Hacker News new | ask | show | jobs
by zozbot234 39 days ago
> I don't think cloud models are going away; the hardware for good perf is expensive

I think local AI will win in its niche by repurposing users' existing hardware, especially as cloud hardware itself gets increasingly bottlenecked in all sorts of ways and the price of cloud tokens rises. You don't have to care about "bad" performance when you've got dedicated hardware that runs your workloads 24/7. Time-critical work that also requires the latest and greatest model can stay on the cloud, but a vast amount of AI work just isn't that critical.

1 comments

Users do not have an existing $80k of hardware, are not going to buy $80k of hardware for worse performance than paying $100/month, and models are continuing to grow in size while memory grows in price.
You said you need $80k in hardware for "good performance". I'm saying the local AI inference workflow will be a lot more flexible about performance than that, and can get away with something vastly cheaper and in line with what the user owns already.
> paying $100/month

There will not ever be a monthly subscription for LLM tokens. The economics isn't there.
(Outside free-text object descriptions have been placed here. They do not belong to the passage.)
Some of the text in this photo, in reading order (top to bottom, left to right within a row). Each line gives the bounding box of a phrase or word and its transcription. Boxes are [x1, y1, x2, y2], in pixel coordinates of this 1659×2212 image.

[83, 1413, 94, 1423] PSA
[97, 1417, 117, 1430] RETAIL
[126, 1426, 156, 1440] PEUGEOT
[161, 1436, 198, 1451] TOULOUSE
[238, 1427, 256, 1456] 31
Local tokens will always be cheaper.

What's the basis for saying local tokens will always be cheaper? As others have outlined, LLMs serving one user at a time are pretty expensive, but concurrent users become much more cost-effective (assuming there's enough RAM for the contexts). If "local" to you means ~10 hours daily use by a team of employees, the company still has to balance against cloud services that can amortize non-recurring costs over 24 hours of service per day.
Why would a team of employees not be able to run AI workloads 24/7? Not all workloads are time sensitive.
Both my experience, and Anthropic's off-peak promotion, indicate that there are very uneven levels of demand for peak hours versus off-peak hours. How close do you think they are?
But that's demand for cloud inference that's priced on a flat-rate basis with some adjustments (like "off-peak hours"). Not a local rig where inference is effectively free aside from the cost of power whenever the system isn't congested.
There already are many subscriptions for LLM tokens: OpenAI, Claude, Synthetic (shameless plug), Zai...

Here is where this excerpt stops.